Advanced Python for Environmental Scientists: Glossary

Key Points

Introduction
  • Jupyter Lab is a system for interactive notebooks that can run Python code, these can be either on own computer or a remote computer.

  • Python can scale to using large datasets with the Xarray library.

  • Python can parallelise computation with Dask or Numba.

  • NetCDF format is useful for large data structures as it is self-documenting and handles multiple dimensions.

  • Zarr format is useful for cloud storage as it chunks data so we don’t need to transfer the whole file.

  • Intake catalogues make dealing with multifile datasets easier.

Dataset Parallelism
  • GNU Parallel can apply the same command to every file in a dataset

  • GNU Parallel works on the command line and doesn’t require Python, but it can run multiple copies of a Python script

  • It is often the simplest way to apply parallelism

  • It requires a problem that works independently across a set of files or a range of parameters

  • Without invoking a more complex job scheduler, GNU Parallel only works on a single computer

  • By default GNU Parallel will use every CPU core available to it

Parallelisation with Numpy and Numba
  • We can measure how long a Jupyter cell takes to run with %%time or %%timeit magics.

  • We can use a profiler to measure how long each line of code in a function takes.

  • We should measure performance before attemping to optimise code and target our optimisations at the things which take longest.

  • Numpy can perform operations to whole arrays, this will perform faster than using for loops.

  • Numba can replace some Numpy operations with just in time compilation that is even faster.

  • One way numba achieves higher performance is to use vectorisation extensions of some GPUs that process multiple pieces of data in one instruction.

  • Numba ufuncs let us write arbitary functions for Numba to use.

Working with data in Xarray
  • Xarray can load NetCDF files

  • We can address dimensions by their name using the .dimensionname, ['dimensionname] or sel(dimensionname) syntax.

  • With lazy loading data is only loaded into memory when it is requested

  • We can apply mathematical operations to the whole (or part) of the array, this is more efficient than using a for loop.

  • We can also apply custom functions to operate on the whole or part of the array.

  • We can plot data from Xarray invoking matplotlib.

  • Hvplot can plot interactive graphs.

  • Xarray has many useful built in operations it can perform such as resampling, coarsening and grouping.

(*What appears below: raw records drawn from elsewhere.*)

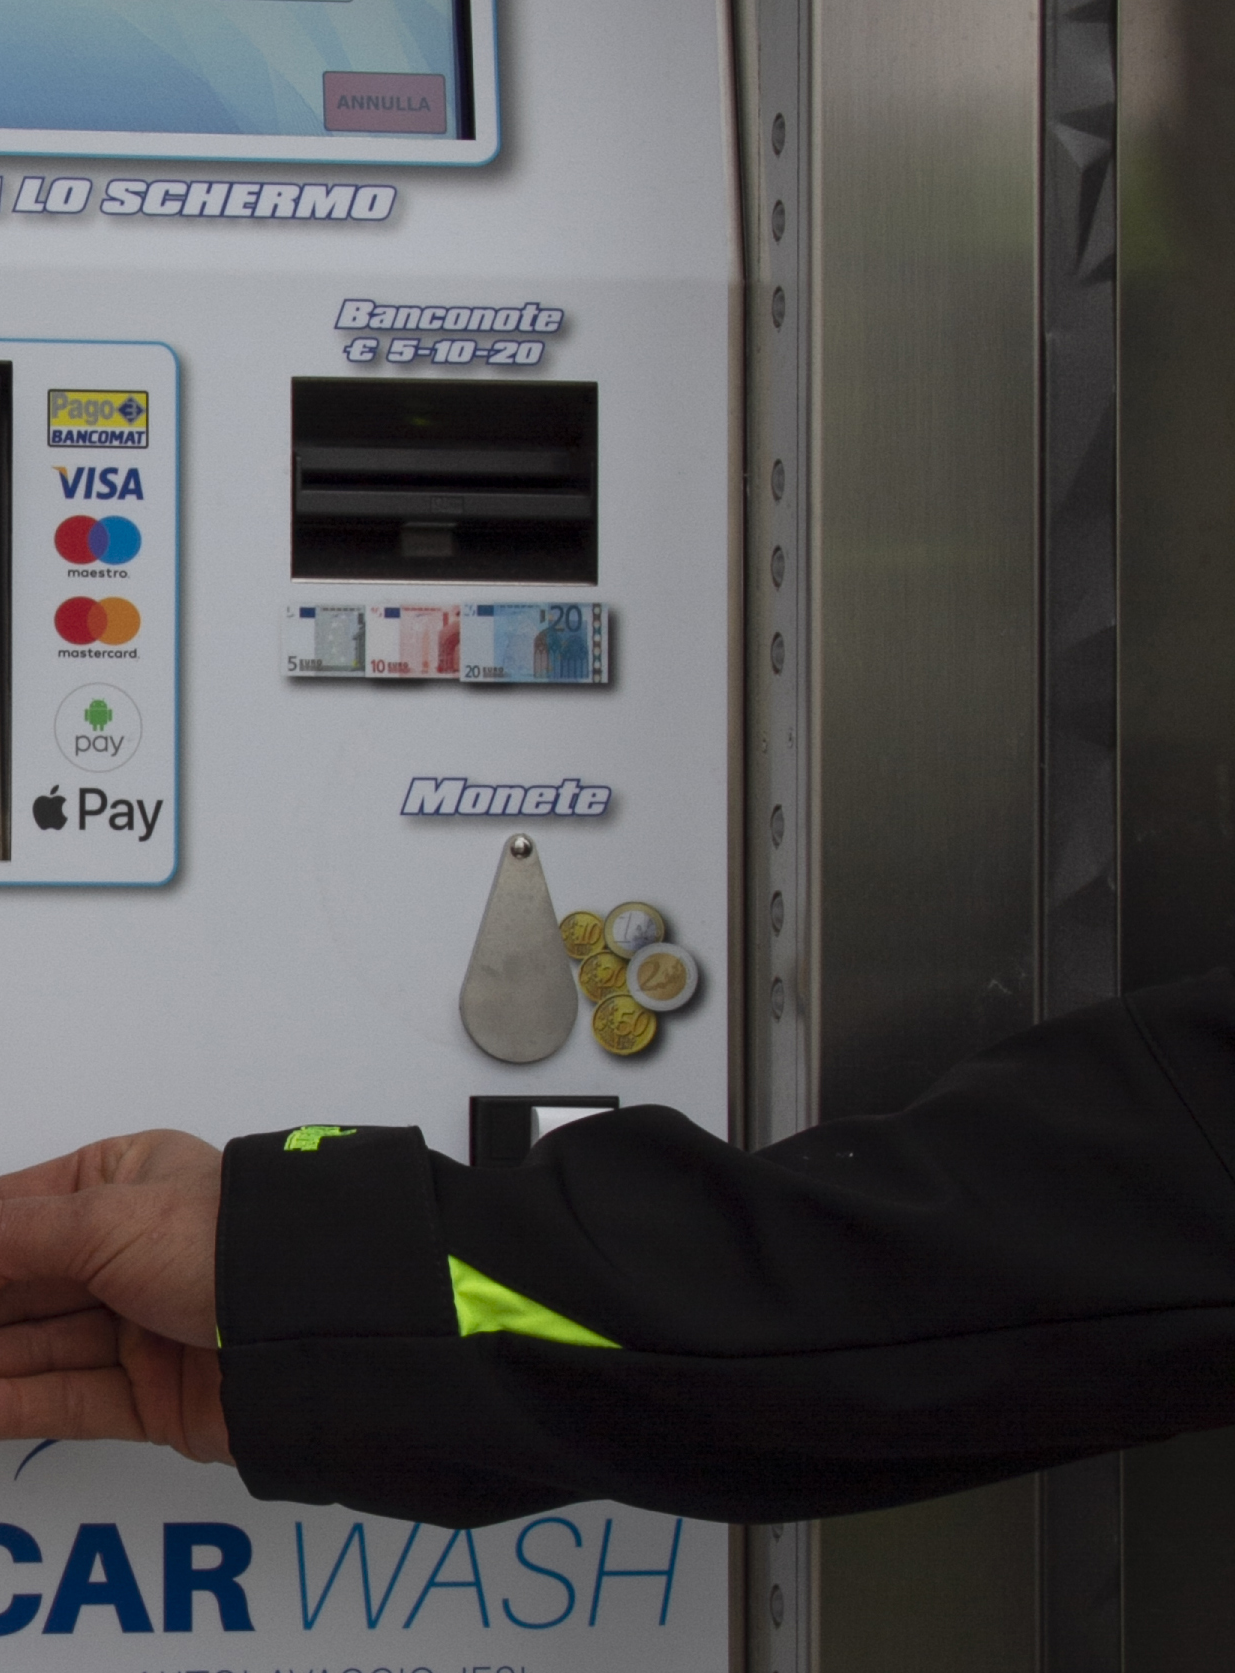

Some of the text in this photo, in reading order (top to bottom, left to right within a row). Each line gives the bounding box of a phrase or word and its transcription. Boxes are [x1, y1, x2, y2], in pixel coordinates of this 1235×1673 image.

[337, 94, 431, 112] ANNULLA
[12, 176, 93, 213] LO
[100, 179, 397, 221] SCHERMO
[334, 298, 564, 333] Banconote
[343, 337, 545, 365] € 5-10-20
[51, 391, 114, 425] Pago
[52, 430, 145, 444] BANCOMAT
[53, 467, 144, 500] VISA
[550, 605, 582, 632] 20
[288, 655, 298, 672] 5
[371, 659, 385, 673] 10
[465, 665, 480, 678] 20
[75, 735, 125, 757] pay
[400, 777, 612, 817] Monete
[79, 788, 163, 842] Pay
[294, 1517, 682, 1631] WASH

Plotting Geospatial Data with Cartopy
  • Cartopy can plot data on maps

  • Cartopy can use Xarray DataArrays

  • We can apply different projections to the map

  • We can add gridlines and country/region boundaries

Parallelising with Dask
  • Dask is a parallel computing framework for Python

  • Dask creates a task graph of all the steps in the operation we request

  • Dask can use your local computer, an HPC cluster, Kubernetes cluster or a remote system over SSH

  • We can monitor Dask’s processing with its dashboard

  • Xarray can use Dask to parallelise some of its operations

  • Delayed tasks let us lazily evaluate functions, only causing them to execute when the final result is requested

  • Futures start a task immediately but return a futures object until computation is completed

Storing and Accessing Data in Parallelism Friendly Formats
  • We can process faster in parallel if we can read or write data in parallel too

  • Data storage is many times slower than accessing our computer’s memory

  • Object stores are one way to store data that is accessible over the web/http, allows replication of data and can scale to very large quantities of data.

  • Zarr is an object store friendly file format intended for storing large array data.

  • Zarr files are stored in chunks and software such as Xarray can just read the chunks that it needs instead of the whole file.

  • Xarray can be used to read in Zarr files

GPUs
  • GPUs are Graphics Processing Units, they have large numbers of very simple processing cores and are suited to some parallel tasks like machine learning and array operations

  • Many laptops and desktops won’t have very powerful GPUs, instead we’ll want to use HPC or Cloud systems to access a GPU.

  • Google’s Colab provides free access to GPUs with a Jupyter notebooks interface.

  • Numba can use GPUs with minor modifications to the code.

  • NVIDIA have drop in replacements for Pandas, Numpy and SciKit learn that are GPU accelerated.